AGE RELATED DISCRIMINATION IS AGAINST THE LAW
Age discrimination is a creeping disease. It has reached epidemic proportions. Employers, with increasing intensity, are attempting to remove older employees from their work force. The excuses they offer for the termination of these older employees, who do not deserve the humiliation that must come from a termination after many years of acceptable performance are, in many instances, cruel. As in the case of an employee, in his early 50's, who worked for a company for 30 years, and was told he was being fired because the company did not believe, he was a “good fit.” Humiliation, as we unfortunately know, “murders the soul.” ( McIntyre v. Manhattan Ford, Lincoln-Mercury, Inc., N.Y.L.J. Sept. 11, 1997 at 25.)
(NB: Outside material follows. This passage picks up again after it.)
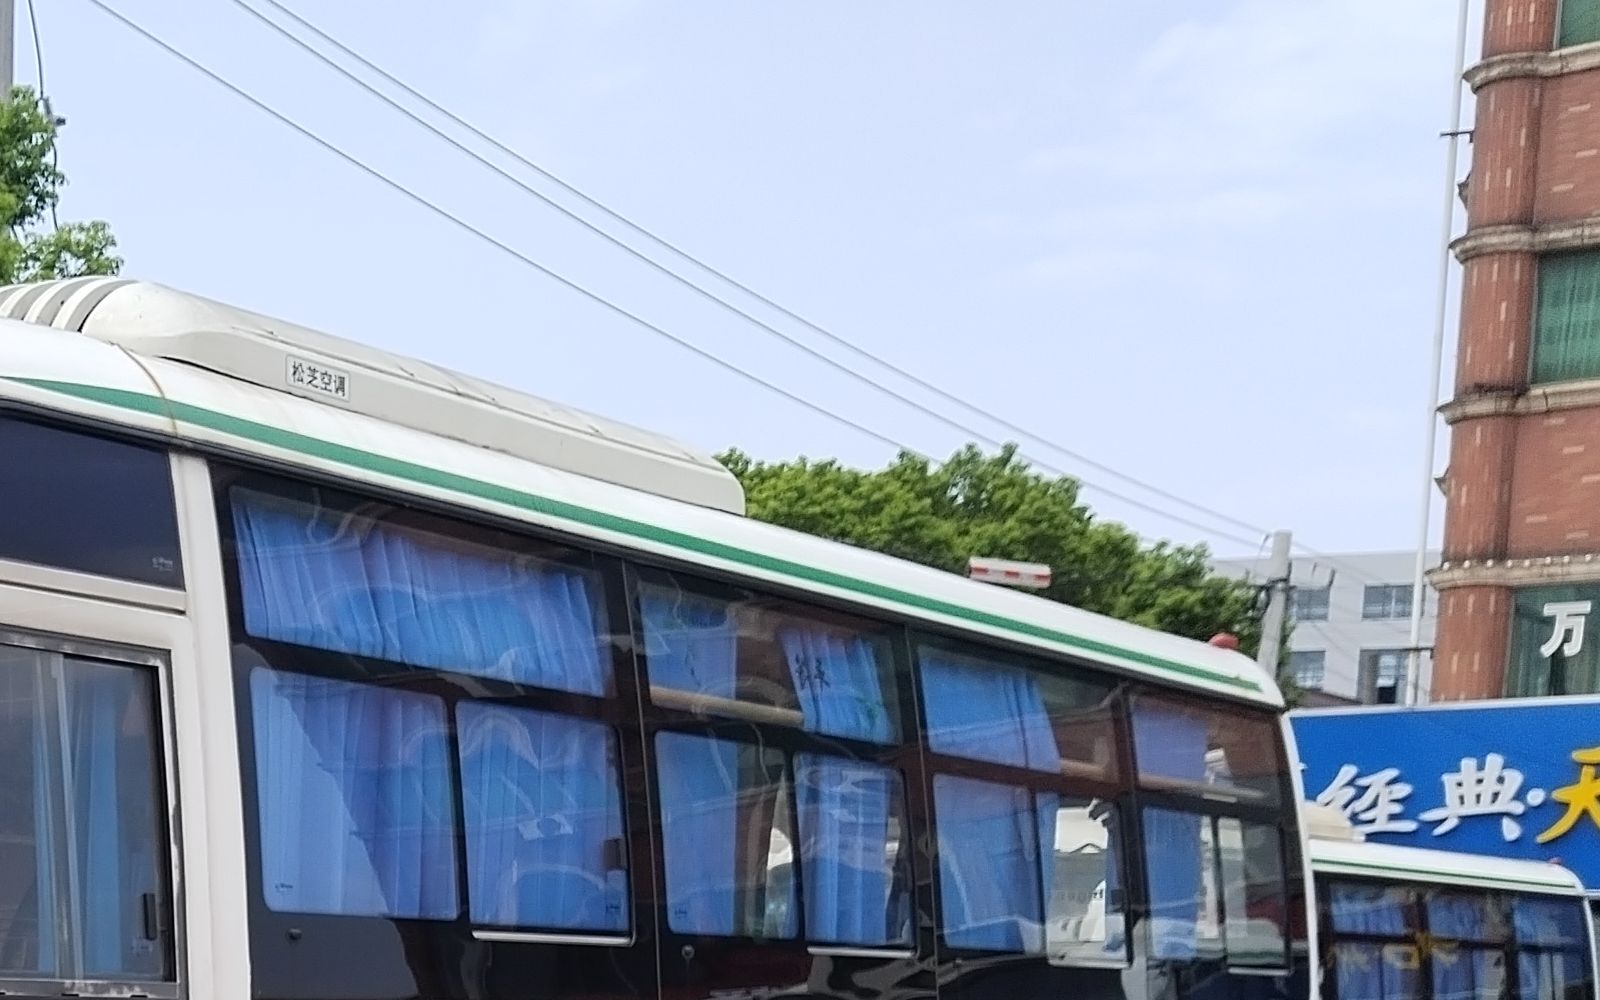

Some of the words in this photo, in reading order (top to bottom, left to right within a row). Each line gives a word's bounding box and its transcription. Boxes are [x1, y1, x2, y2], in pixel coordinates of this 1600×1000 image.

The law does not require a smoking gun to confirm that age discrimination was practiced. The burden an employee has in order to establish age discrimination, as well as any form of discrimination, is not as stringent as the burden of proof required in other types of cases. Our courts have frequently held that discrimination, including, of course, age discrimination, can be established with circumstantial evidence. Circumstantial evidence is less than direct evidence, which includes witnesses or written proof. Circumstantial evidence involves making reasonable inferences based on the proof available.
As has been said in our previous blog entries, there will never be a memorandum written by top management saying, “let’s get rid of the older people.” However, there will likely be ample circumstantial evidence. One example would be if a company were to fire twelve people and replace them with twelve new people. Yet, the twelve people that were fired were all over forty and the twelve oldest in the office and all the new people that were hired were all younger. Moreover, this practice had been on-going for a number of years. It is then at that point one might make a reasonable inference, based on the circumstantial proof available that this particular company had a hostility toward older employees and may be engaging in the practice of age discrimination. In the field of employment law, circumstantial evidence can be very powerful in protecting the rights of employees in the workplace.